At times, he has reminded me of “The Fighting Temeraire,” another sign of an era’s passing, when he seems unwilling to do what needs to be done. He has been candid about his impending death in tennis.
After losing in the third round to Denis Shapovalov at Wimbledon 2021, he debated if he should continue battling. He said, “Are all that training and everything that you’re doing in the gym unless you’re able to like practice and better your game and get a run of tournaments, like, is it worth all of the effort that you’re doing?”
The hip, though, has been holding up, and he has been able to maintain a regular practice schedule this year. It’s also fair to state that there have been the standard amount of scrapes and bruises.
Before Wimbledon, he strained his abdominal muscle. He’s had cramping problems in the States, and although scans and sweat testing ruled out external factors, he and his support staff have been working to find the right balance between hydration and nutrition. So, in addition to taking on No. 24 seed Francisco Cerundolo and then No. 12 seed Nava, he has had to consume 1.5 liters of sports drink every 40 minutes while playing in Flushing Meadows.
Murray’s keen understanding of the game caught Cerundolo off guard. Murray’s return game was superb, despite the fact that he was a little slow between points.
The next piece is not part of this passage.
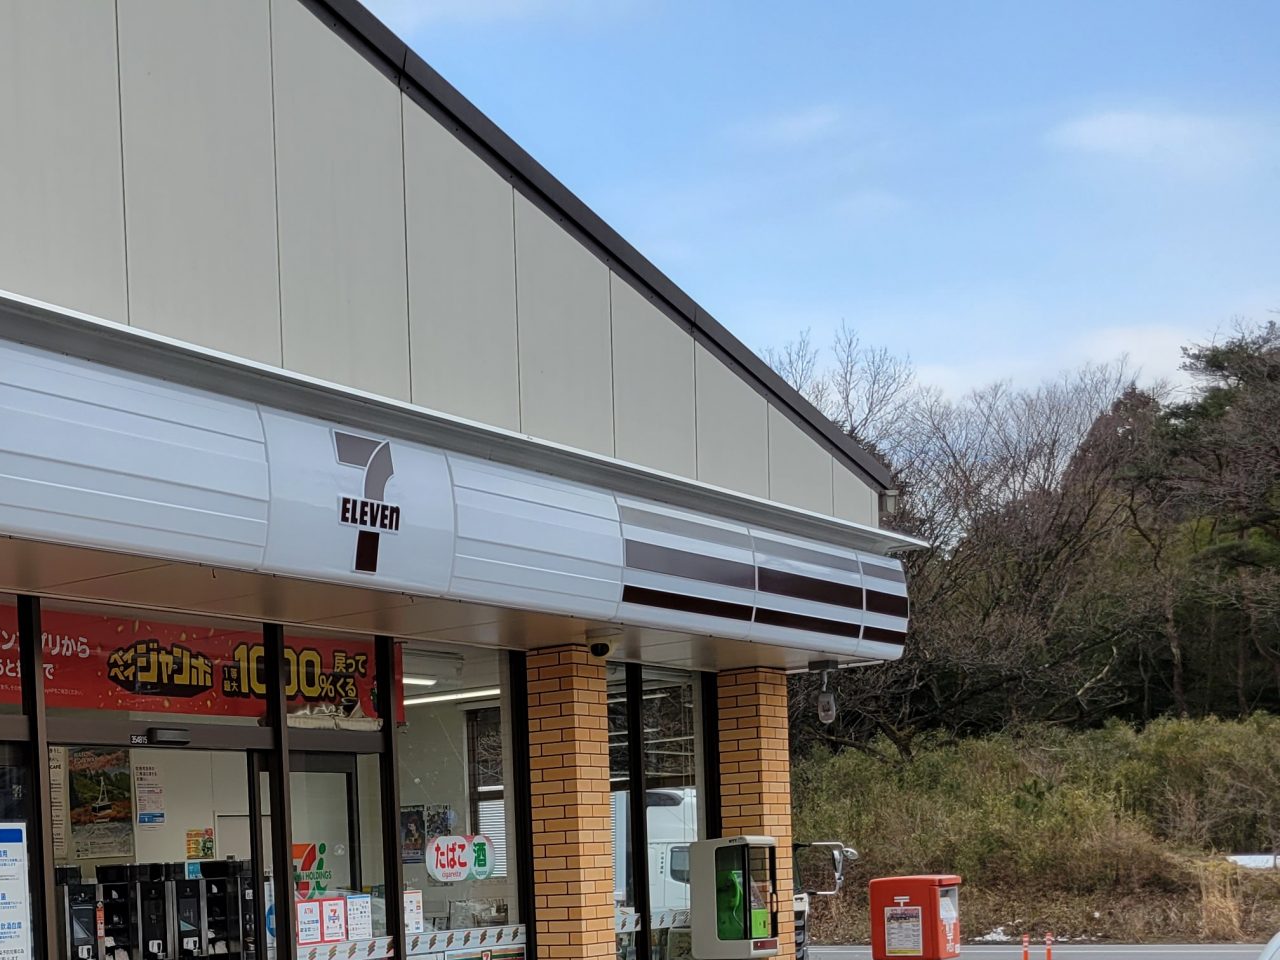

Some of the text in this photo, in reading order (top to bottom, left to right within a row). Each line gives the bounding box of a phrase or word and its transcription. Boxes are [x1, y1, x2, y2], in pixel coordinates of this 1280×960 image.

[434, 841, 487, 869] たばこ 酒
In his post-match press conference, Murray said, “I don’t read every single shot, but once you start to play more matches, [you] get a bit more comfortable with your movement, which I do feel like now I’m moving a lot better than I was at this time last year.
” “Now that I’ve played more matches, I’m beginning to see things a little bit easier on the match court, and that, you know, when you combine the two, makes quite a big difference to my movement.”
Murray still shows glimpses of the 2012 US Open, 2013 and 2016 Wimbledon champion, and 2016 men’s singles Olympic gold medalist and world No. 1 who he once was. Ivan Lendl, who was in his corner during his achievements, has returned as his coach.
According to Murray, Lendl has been extremely forthright about how he should play and approach matches if he wants to return to the peak of his game. Murray’s keen understanding of the game caught Cerundolo off guard. Murray’s return game was superb, despite the fact that he was a little slow between points.
The more matches you play, the more comfortable you become with your mobility, and I do feel like today I’m moving a lot better than I was at this time last year, Murray said after his second-round victory over Nava. My mobility has improved greatly because “I’ve got more matches under my belt, so I’m starting to see things a little bit easier on the match court.”
It’s not hard to see glimmers of the Murray who won three Grand Slams (2012 US Open, 2013 and 2016 Wimbledon), two Olympic men’s singles gold medals (2012 and 2016), and topped the world rankings in 2016.
The man who was most instrumental in his achievement, Ivan Lendl, is now serving as his coach once again. According to Murray, Lendl has been extremely forthright about how he should play and approach matches if he wants to return to the peak of his game.